## Diagram: Adaptive Retrieval and Classification Training
### Overview
The image is a diagram illustrating a process involving inference and training, likely within a machine learning context. It shows the flow of data and operations between "Inference" and "Training" stages, highlighting adaptive retrieval and classification.
### Components/Axes
* **Title:** The diagram is implicitly titled "Adaptive Retrieval and Classification Training" based on the elements depicted.
* **Sections:** The diagram is divided into two main sections: "Inference" (left) and "Training" (right).
* **Inference Block:** Contains "Shortlisting" and "Re-ranking" steps within an "Adaptive Retrieval" box. Also contains an "Adaptive Classification" box.

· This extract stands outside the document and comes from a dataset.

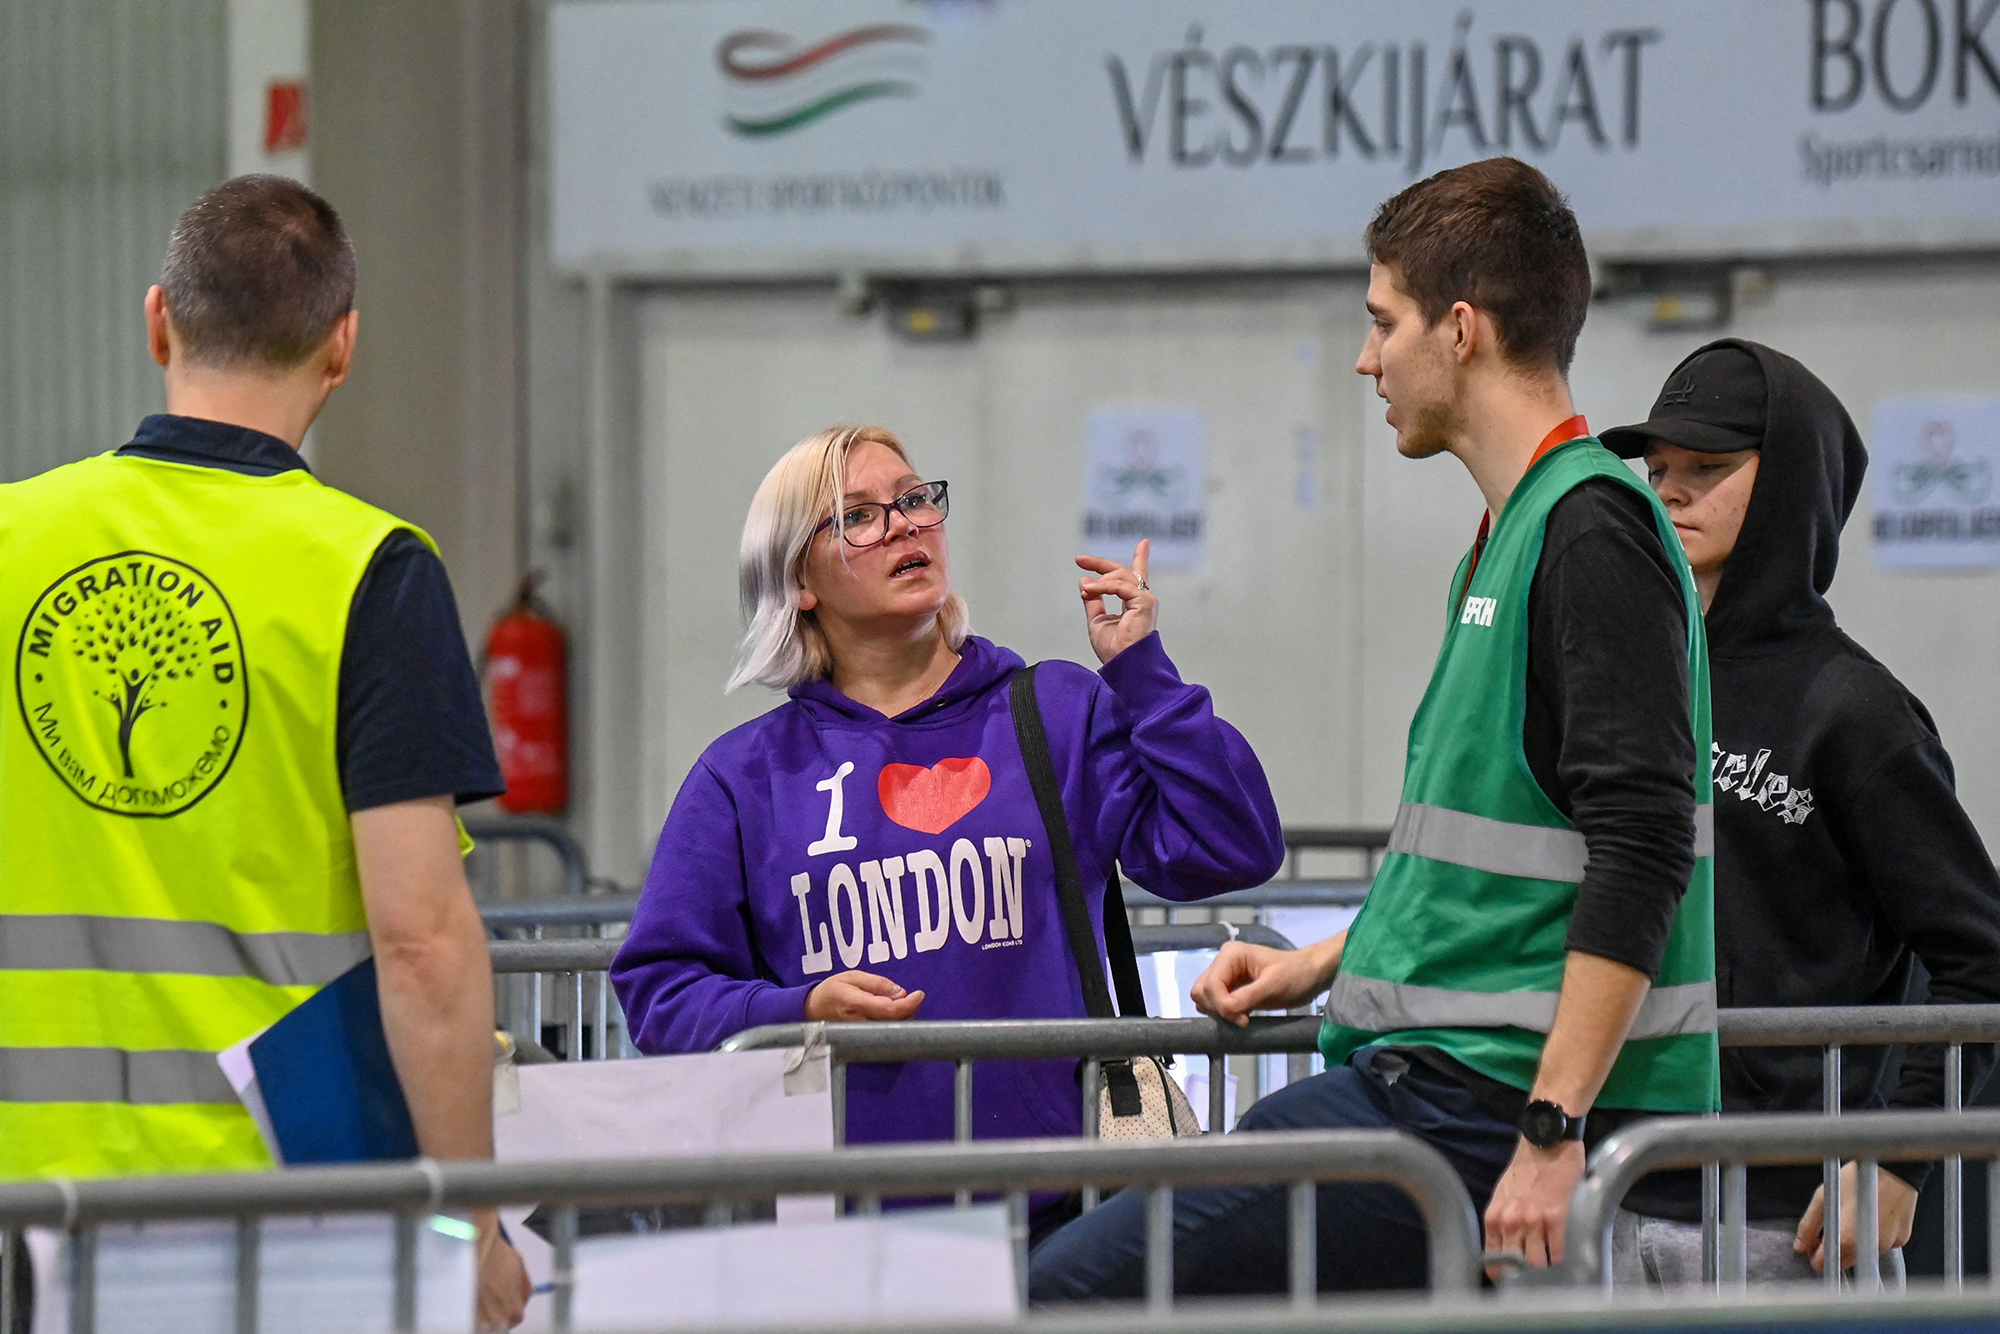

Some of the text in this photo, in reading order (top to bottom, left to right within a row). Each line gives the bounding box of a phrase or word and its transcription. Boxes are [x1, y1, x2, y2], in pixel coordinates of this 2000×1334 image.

* **Training Block:** Features a vertical stack of colored rectangles representing different levels or components of a variable 'z', where z ∈ R^d. These components are associated with loss functions L(z1:d/16), L(z1:d/8), L(z1:d/4), L(z1:d/2), and L(z1:d).
* **Connections:** Arrows indicate the flow of information between the blocks.
* **Loss Function Summation:** A summation symbol (⊕) combines the loss functions to produce a final loss L(z).
### Detailed Analysis
* **Inference - Adaptive Retrieval:**
* "Shortlisting" (top, light blue box) feeds into "Re-ranking" (green box).
* Both are contained within a rounded-corner box labeled "Adaptive Retrieval" (tan background).
* **Inference - Adaptive Classification:**
* Located below "Adaptive Retrieval" (tan background).
* Contains a series of stacked rectangles, similar to the "Training" block, but arranged in a pyramid-like structure. The rectangles are colored red, orange, blue, and yellow.
* A dashed line connects the top of the pyramid to the bottom, suggesting a progressive classification process.
* **Training - Variable z:**
* A vertical stack of colored rectangles, enclosed in a grey border. From top to bottom, the rectangles are red, orange, blue, and yellow. A small red/white icon is at the bottom.
* Each rectangle corresponds to a loss function:
* Red: L(z1:d/16)
* Orange: L(z1:d/8)
* Blue: L(z1:d/4)
* Yellow: L(z1:d/2)
* Grey: L(z1:d)
* **Connections:**
* An orange arrow connects "Shortlisting" to the red rectangle in the "Training" block.
* A grey arrow connects "Re-ranking" to the orange rectangle in the "Training" block.
* A black arrow connects "Adaptive Classification" to the grey rectangle in the "Training" block.
* A blue arrow connects the blue rectangle to the summation symbol.
* A yellow arrow connects the yellow rectangle to the summation symbol.
* The summation symbol (⊕) combines the loss functions and outputs L(z).
### Key Observations
* The diagram illustrates a multi-stage process where inference results are used to train a model.
* The "Training" block represents a hierarchical structure of the variable 'z', with different levels contributing to the overall loss function.
* The "Adaptive Classification" block mirrors the structure in the "Training" block, suggesting a relationship between classification granularity and the variable's components.
### Interpretation
The diagram depicts a system where inference (adaptive retrieval and classification) informs the training of a model. The model's training process involves a variable 'z' that is decomposed into different levels (z1:d/16, z1:d/8, z1:d/4, z1:d/2, z1:d), each associated with a loss function. The adaptive retrieval process, through shortlisting and re-ranking, likely selects relevant components of 'z' for training. The adaptive classification process provides further information to refine the training. The summation of individual loss functions suggests a joint optimization strategy. The diagram highlights the adaptive nature of both the retrieval and classification processes, indicating that the system dynamically adjusts its behavior based on the input data.